L’inépuisable ressource dramatique pour affronter la catastrophe
« Loin, loin de toi, se déroule l’histoire mondiale, l’histoire mondiale de ton âme ». La phrase de Kafka joue autant comme énigme que comme appel, comme programme. Dans l’écartement se jouerait l’approche : et par le lointain l’abord de soi où se déroule le drame politique des existences communes. L’âme n’y est jamais l’affaire d’intériorités en proie aux froissements pauvrement intimes : plutôt ce qu’on jette hors de nous en certains moments propices, dans les épreuves de feu qui nous dévisagent et nous révèlent tels qu’en nous-mêmes, pauvres de nous, et riches de cela même qui nous confie un visage. Quant au monde, loin de figurer cette abstraction nue qu’on appelle en désespoir de cause, il est bien au contraire la matière de nos expériences : le lieu de la lutte, le moment où tout se joue — la scène donc, tout aussi bien, pourvu qu’elle ne renvoie pas à la simplicité d’une équivalence. « Tout n’est pas à jouer, mais tout joue », écrit l’auteur comme seule indication scénique. Et il ajoute : « La scène ne représente rien ». Elle possède pour elle l’indétermination qui les permet toutes : si le monde est un théâtre, qu’il soit celui-là, ce soir où on l’aperçoit, le saisit, où il passe, se jette sur nous parfois, nous terrasse souvent, se dévoile fugacement.

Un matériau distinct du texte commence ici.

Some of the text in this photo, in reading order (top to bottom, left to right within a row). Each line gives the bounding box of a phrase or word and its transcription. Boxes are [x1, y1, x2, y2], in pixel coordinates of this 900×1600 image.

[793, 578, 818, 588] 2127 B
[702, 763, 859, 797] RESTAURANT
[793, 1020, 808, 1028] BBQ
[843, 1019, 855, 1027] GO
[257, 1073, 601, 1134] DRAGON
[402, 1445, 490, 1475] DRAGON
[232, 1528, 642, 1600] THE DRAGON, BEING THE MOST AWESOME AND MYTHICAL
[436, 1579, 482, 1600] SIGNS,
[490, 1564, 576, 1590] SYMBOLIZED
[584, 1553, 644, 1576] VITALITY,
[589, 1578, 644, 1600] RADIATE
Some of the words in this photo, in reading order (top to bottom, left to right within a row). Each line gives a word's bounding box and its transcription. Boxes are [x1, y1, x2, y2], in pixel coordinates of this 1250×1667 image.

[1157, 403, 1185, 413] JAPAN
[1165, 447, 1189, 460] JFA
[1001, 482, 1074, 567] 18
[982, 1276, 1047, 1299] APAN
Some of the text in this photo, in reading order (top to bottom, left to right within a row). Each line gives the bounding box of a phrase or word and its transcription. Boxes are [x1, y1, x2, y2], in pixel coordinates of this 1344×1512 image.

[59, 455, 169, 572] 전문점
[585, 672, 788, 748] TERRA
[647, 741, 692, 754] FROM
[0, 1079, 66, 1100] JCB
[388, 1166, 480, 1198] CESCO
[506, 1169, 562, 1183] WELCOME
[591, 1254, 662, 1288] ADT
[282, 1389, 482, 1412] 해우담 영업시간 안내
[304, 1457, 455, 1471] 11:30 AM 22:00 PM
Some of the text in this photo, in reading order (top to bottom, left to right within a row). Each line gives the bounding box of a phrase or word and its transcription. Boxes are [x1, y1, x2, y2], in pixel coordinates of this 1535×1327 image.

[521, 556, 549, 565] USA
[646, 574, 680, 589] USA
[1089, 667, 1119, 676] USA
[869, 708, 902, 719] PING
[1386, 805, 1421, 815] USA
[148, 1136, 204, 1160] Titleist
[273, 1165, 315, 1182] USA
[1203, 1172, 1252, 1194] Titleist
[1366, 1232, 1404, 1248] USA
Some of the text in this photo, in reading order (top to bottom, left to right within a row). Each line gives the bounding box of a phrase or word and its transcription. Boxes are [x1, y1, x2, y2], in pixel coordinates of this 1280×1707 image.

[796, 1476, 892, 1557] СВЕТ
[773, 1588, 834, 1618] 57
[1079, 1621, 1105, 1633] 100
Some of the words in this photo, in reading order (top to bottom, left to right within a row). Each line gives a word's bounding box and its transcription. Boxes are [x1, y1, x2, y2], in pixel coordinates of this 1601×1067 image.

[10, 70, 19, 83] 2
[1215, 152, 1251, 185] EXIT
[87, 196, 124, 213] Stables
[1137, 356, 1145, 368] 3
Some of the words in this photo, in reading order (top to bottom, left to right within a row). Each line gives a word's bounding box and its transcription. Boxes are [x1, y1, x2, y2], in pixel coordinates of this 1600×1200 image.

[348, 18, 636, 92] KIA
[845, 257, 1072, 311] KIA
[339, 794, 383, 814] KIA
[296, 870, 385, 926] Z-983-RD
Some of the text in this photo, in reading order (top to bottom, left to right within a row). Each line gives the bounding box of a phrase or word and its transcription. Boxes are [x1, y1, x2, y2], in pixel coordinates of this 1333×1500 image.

Cette histoire est d’abord celle d’une catastrophe qu’est le monde même : sa faculté à n’être que lui-même, cette puissance organisée de démolition des désirs, d’écrasement des vies. C’est en lui seul pourtant que pourrait avoir lieu son affrontement, celui qui rendrait digne celui qui n’aura pas tout à fait renoncé, ou refuserait d’être seulement son ombre. (« Les créatures ne veulent pas être des ombres », titre de ce premier ensemble : créatures désignant tout aussi bien ces personnages sortis des mains de l’auteur, que nous autres, fils et filles de ce monde-là, de cette histoire mondiale-ci qui nous entoure et nous cerne). Car l’émancipation ne se joue pas en dehors du monde et de son histoire : mais malgré elle, et en elle : telle est aussi l’histoire que racontent les histoires de ce théâtre et de sa catastrophe.

La prolifération des pièces, mises en scène par Philippe Delaigue avec rigueur, tranchant dans le vif des situations l’éclat des intensités, cherchant surtout à traquer dans le triple mouvement de chaque pièce, les moments de bascule et de vérité trouble, ne vise ainsi en rien à épuiser un propos : au contraire, il s’agirait plutôt de rendre inépuisable le désir de raconter et de tâcher de nommer le monde, de jouer de toutes les situations qui en appelleraient d’autres pour ne pas leur suffire.